Acquired immunity to foreign pathogens depends on the differentiation of B and T lymphocytes from hematopoietic stem cells, which is controlled by a multitude of transcription factors. We are interested in understanding the process by which transcription factors regulate the commitment of early hematopoietic progenitors to the B cell lineage and control their subsequent differentiation to mature B cells and plasma cells. We investigate the underlying transcriptional control mechanisms by using mouse transgenic, cell biological, and genome-wide molecular approaches.

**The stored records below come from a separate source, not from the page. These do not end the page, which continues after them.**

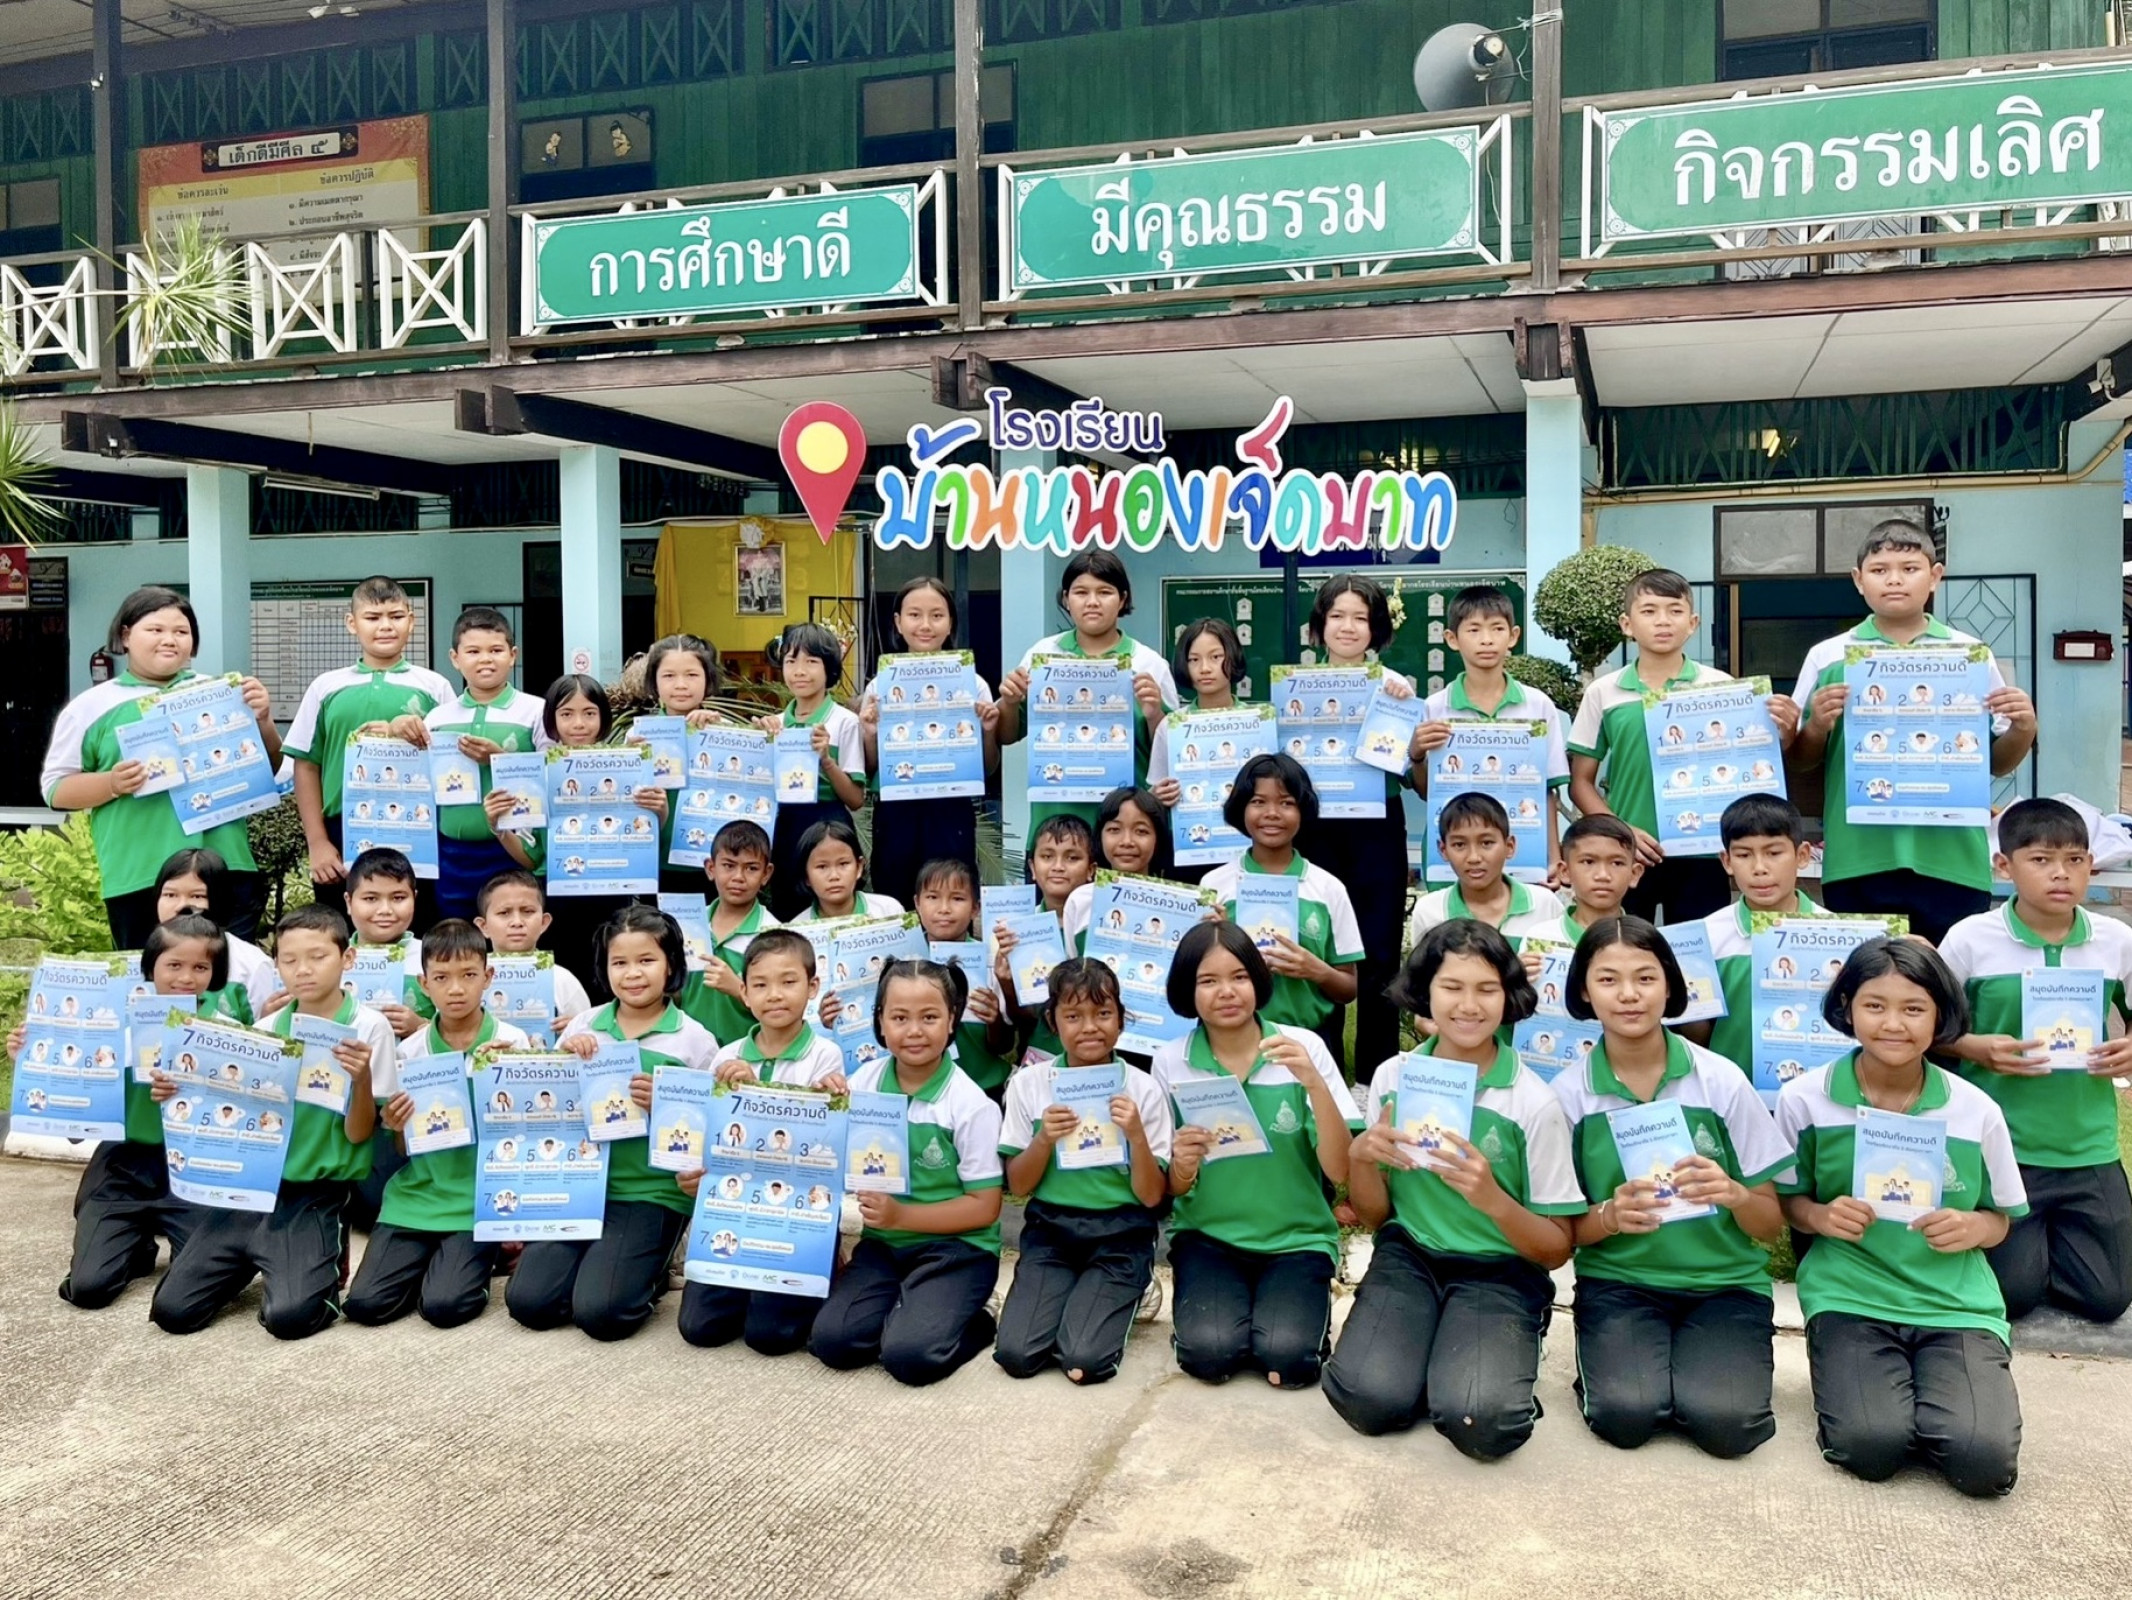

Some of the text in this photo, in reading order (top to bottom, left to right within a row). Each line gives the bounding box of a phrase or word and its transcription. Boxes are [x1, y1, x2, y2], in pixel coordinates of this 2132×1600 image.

[228, 139, 328, 164] เด็กดีมีศีล ๕
[1673, 95, 2104, 205] กิจกรรมเลิศ
[1090, 177, 1387, 271] มีคุณธรรม
[589, 206, 851, 297] การศึกษาดี
[989, 391, 1163, 449] โรงเรียน
[877, 397, 1455, 554] บ้านหนองเจ็ดบาท
[889, 667, 897, 681] 7
[1044, 667, 1051, 681] 7
[1865, 661, 1876, 678] 7
[1288, 679, 1297, 693] 7
[1855, 695, 1860, 706] 1
[1899, 695, 1907, 706] 2
[1943, 694, 1951, 706] 3
[1662, 703, 1672, 718] 7
[1183, 724, 1191, 738] 7
[700, 733, 707, 746] 7
[1448, 733, 1456, 748] 7
[356, 746, 363, 758] 7
[1854, 743, 1863, 752] 4
[1899, 742, 1907, 752] 5
[1943, 742, 1951, 753] 6
[564, 760, 573, 774] 7
[1856, 781, 1864, 792] 7
[1111, 887, 1122, 902] 7
[1100, 917, 1104, 926] 1
[1134, 924, 1142, 934] 2
[1172, 929, 1180, 940] 3
[1774, 932, 1870, 949] 7 กิจวัตรควา
[1545, 957, 1556, 974] 7
[1127, 969, 1135, 980] 5
[1764, 968, 1770, 979] 1
[1810, 968, 1820, 981] 2
[1811, 1019, 1820, 1032] 5
[182, 1029, 194, 1045] 7
[168, 1059, 173, 1070] 1
[1764, 1061, 1773, 1074] 7
[209, 1068, 218, 1079] 2
[492, 1066, 578, 1084] 7 กิจวัตรความ
[251, 1078, 260, 1089] 3
[486, 1103, 490, 1112] 1
[525, 1101, 533, 1112] 2
[566, 1100, 574, 1111] 3
[731, 1096, 742, 1114] 7
[743, 1098, 826, 1119] กิจวัตรความดี
[201, 1113, 210, 1125] 5
[246, 1118, 255, 1130] 6
[716, 1133, 720, 1145] 1
[756, 1139, 765, 1152] 2
[486, 1151, 494, 1161] 4
[527, 1149, 535, 1161] 5
[567, 1149, 575, 1161] 6
[800, 1144, 809, 1157] 3
[707, 1185, 716, 1197] 4
[752, 1191, 760, 1204] 5
[484, 1193, 492, 1206] 7
[795, 1196, 803, 1209] 6
[701, 1232, 710, 1244] 7
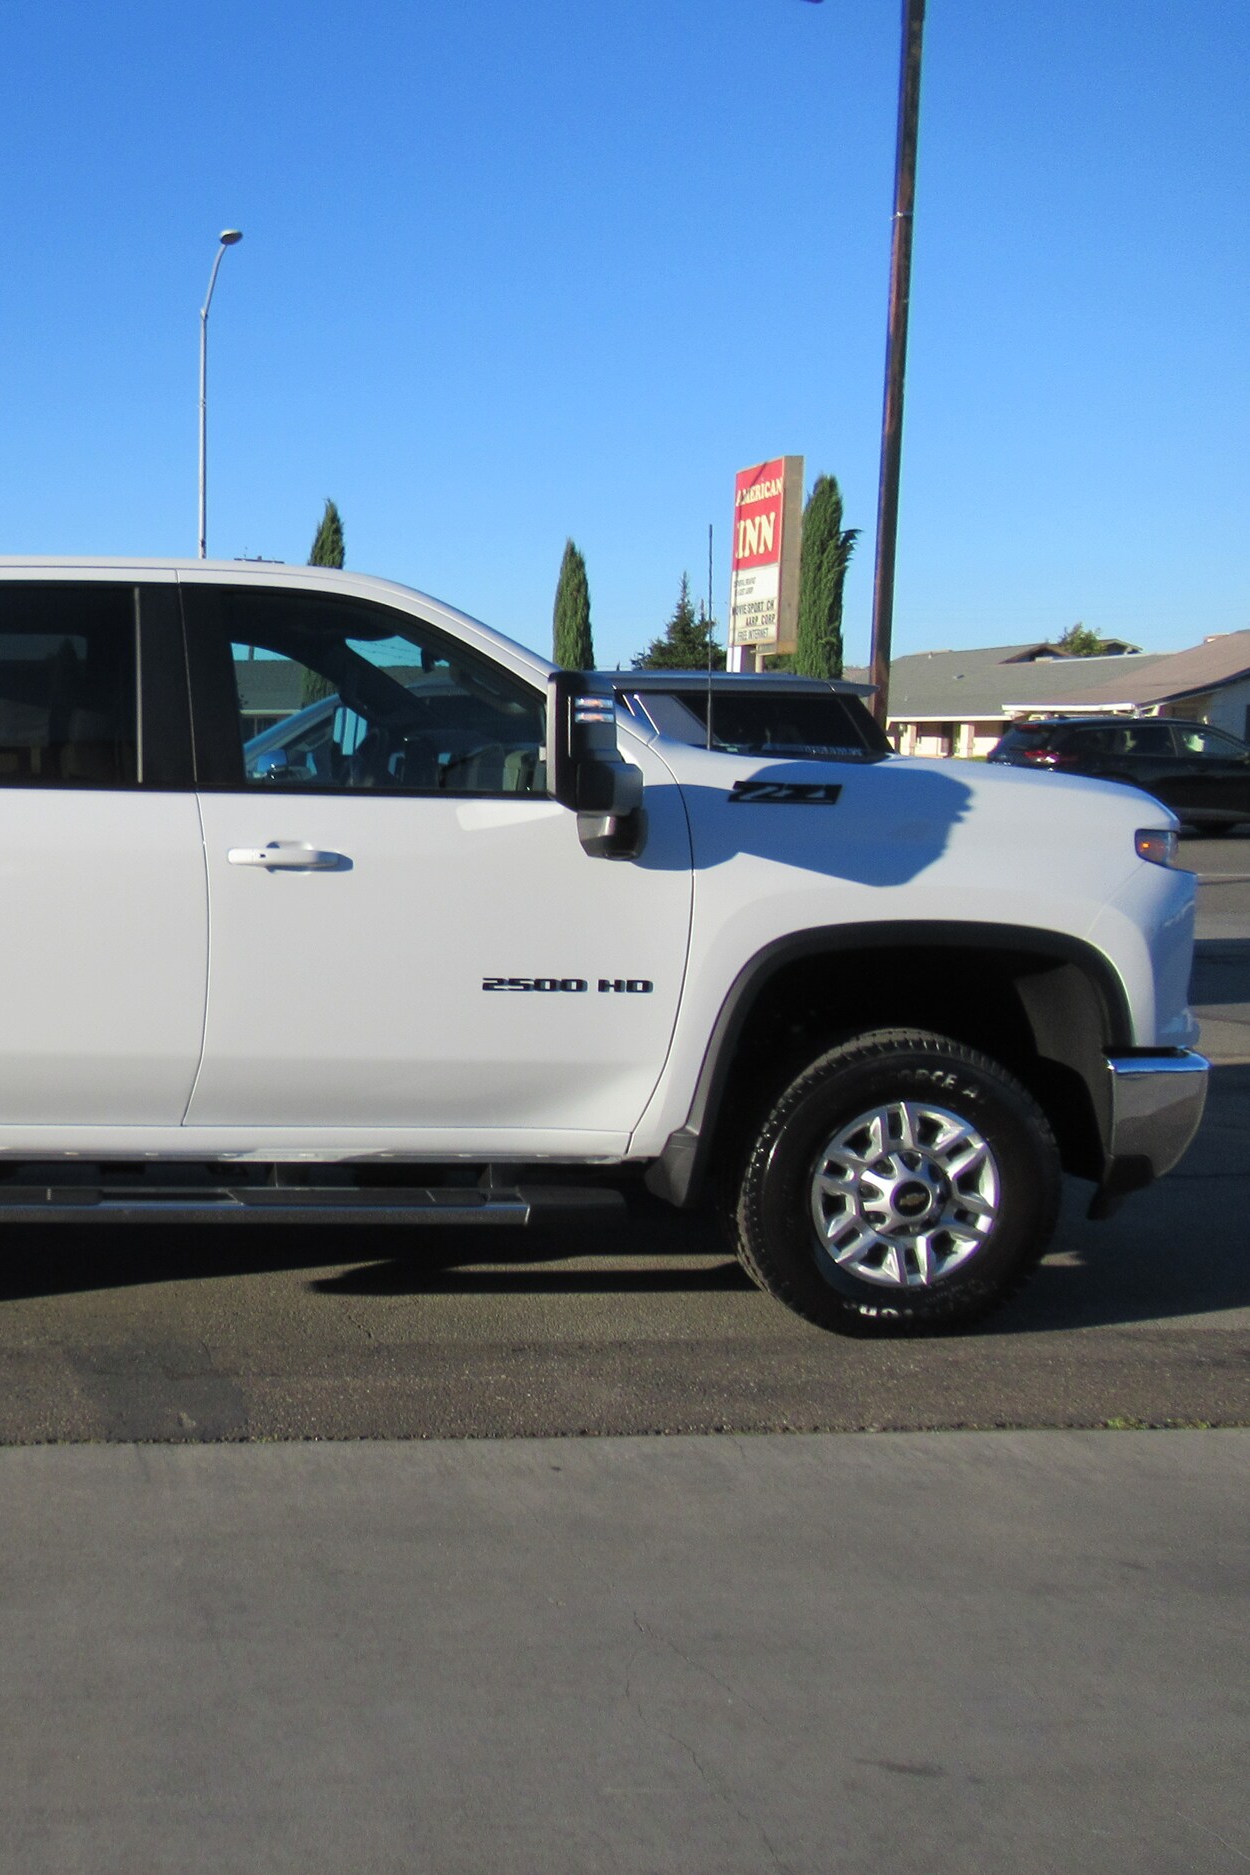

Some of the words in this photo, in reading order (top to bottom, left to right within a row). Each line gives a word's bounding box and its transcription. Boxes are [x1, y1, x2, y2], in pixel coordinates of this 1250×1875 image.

[735, 477, 783, 507] AMERICAN
[735, 511, 776, 560] INN
[761, 613, 776, 626] CORP
[727, 780, 843, 805] Z71
[482, 977, 588, 993] 2500
[598, 979, 654, 993] HD
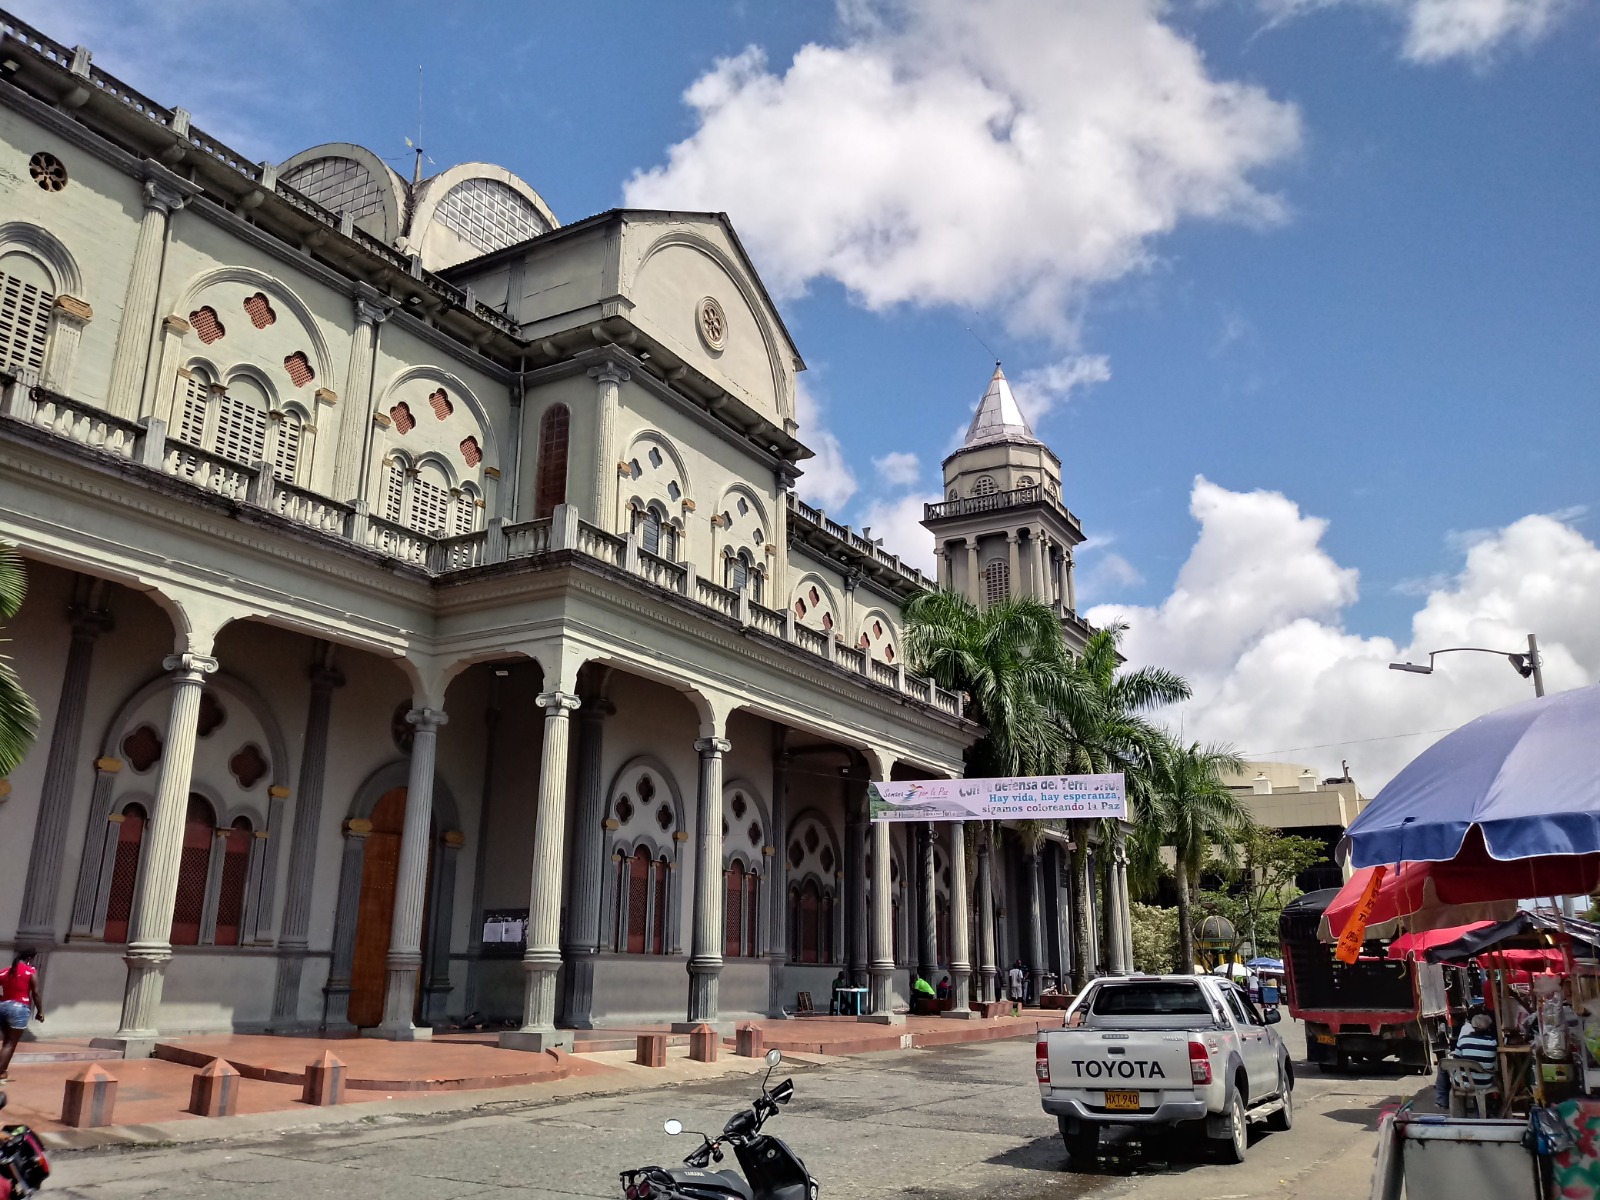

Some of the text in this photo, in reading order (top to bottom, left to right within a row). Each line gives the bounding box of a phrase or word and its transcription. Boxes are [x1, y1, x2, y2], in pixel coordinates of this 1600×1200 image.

Stem cell commitment in haematopoiesis

B cell commitment and development

A fundamental question in haematopoiesis is how stem cells and early progenitors become committed to a single developmental pathway, and then differentiate into mature cell types of the selected lineage. The entry of lymphoid progenitors into the B cell lineage depends on several transcription factors, including E2A, EBF1, and Pax5. E2A and EBF1 function as B cell specification factors while our work has identified Pax5 as the critical B cell commitment factor that restricts the developmental potential of lymphoid progenitors to the B cell pathway. More recently, we have shown that the transcription factor Ikaros controls signalling of the pre-B cell receptor by activating genes coding for signal transducers and repressing genes involved in the down-regulation of pre-BCR signalling. This year, we have demonstrated an essential role for the transcription factor Bhlhe41 in controlling the development and self-renewal of innate-like B cells.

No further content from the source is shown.